Ph.D. Pennapha Dhanasarnsilp
Chairman of the Audit Committee
The Board of Directors has stipulated the composition, qualifications, tenure, and duties and responsibilities of the Nomination and Remuneration Committee (“NRC”) in a written NRC Charter. The NRC comprises directors with knowledge and experience relevant to corporate governance, human resources, finance/accounting, law, and corporate management.
Meeting Attendance of the Nomination and Remuneration Committee Meeting in 2024
Unit: Meeting Attendance/Meeting Rights
| No | Name | Position | Number of Attendance |
| 1 | Ph.D. Pennapha Dhanasarnsilp | Chairman | 3/3 |
| 2 | Mrs. Monluedee Sookpantarat | Member | 3/3 |
| 3 | Ph.D. Pinijsorn Luechaikajohnpan | Member | 1/1 |
Performance of the Nomination and Remuneration Committee for the Year 2024
In 2024, the Nomination and Remuneration Committee performed its duties under the Charter and scope or responsibilities assigned by the Board of Directors. 3 meetings were conducted to consider important matters under roles and responsibilities the Board of Directors delegated as summarized below:
- Considered qualified individuals for directorship of the Company to replace 3 directors who finished their terms of office.
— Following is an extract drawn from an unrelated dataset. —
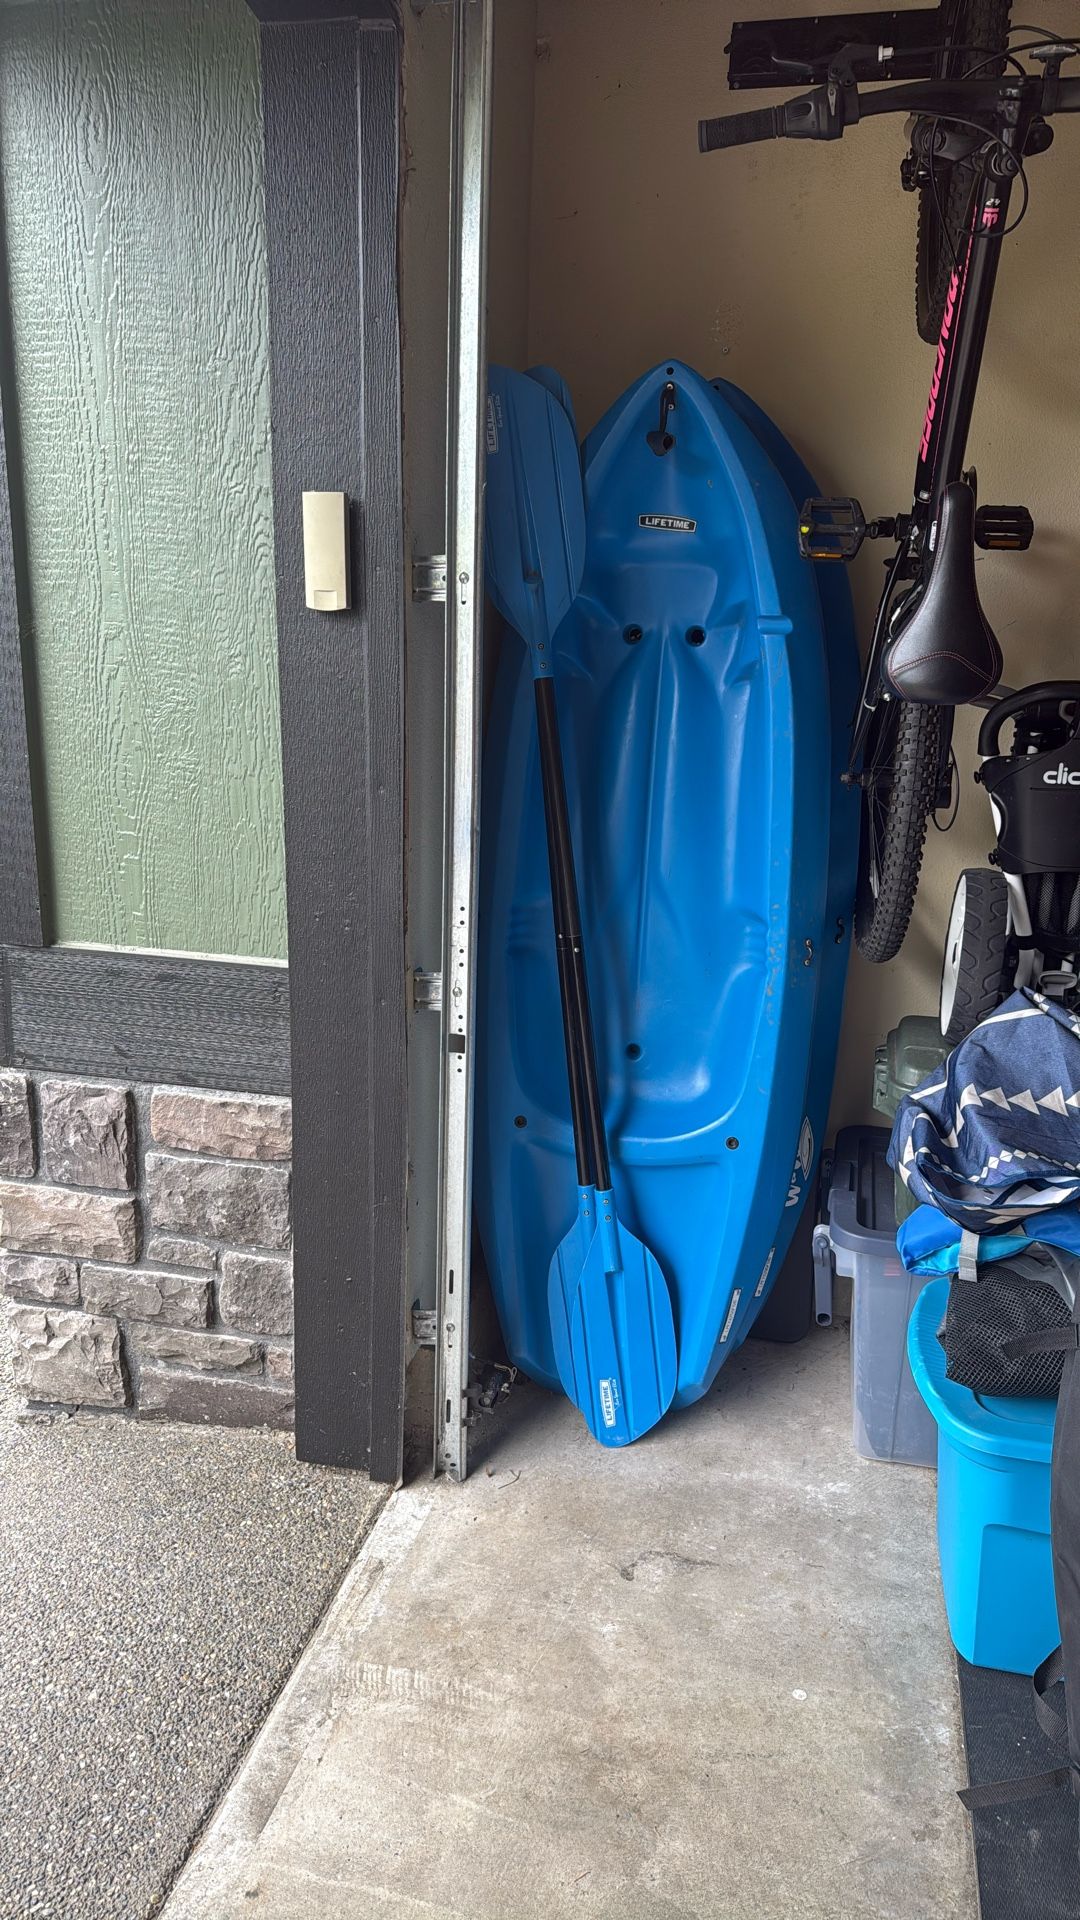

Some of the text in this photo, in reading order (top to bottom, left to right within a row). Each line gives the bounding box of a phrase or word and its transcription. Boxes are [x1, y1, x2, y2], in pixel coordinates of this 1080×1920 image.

[645, 516, 690, 530] LIFETIME
[785, 1147, 801, 1207] Wav
[602, 1385, 613, 1421] LIFETIME
To conform to good corporate governance principles, the Company asked shareholders to nominate qualified persons to assume director position under Company’s guidelines but none of the shareholder nominated anyone. As a result, the Nomination and Remuneration Committee contemplated suitability and required qualifications that will most benefit the Company and deemed that retiring directors are qualified according to the Public Limited Companies Act and possess knowledge, abilities, experience, and forward-looking vision that are valuable to the business. The directors also satisfactorily performed their duties as directors, had a good record of meeting attendance as well as giving useful opinions in the meetings. The Nomination and Remuneration Committee proposed to the Board of Directors’ meeting No.1/2024 on 23 February 2024 to approve the nomination and appointment of 3 directors who finished their terms to resume their directorship for another term before presenting to the 2024 Annual General Meeting of Shareholders on 23 April 2024 for approval and appointment.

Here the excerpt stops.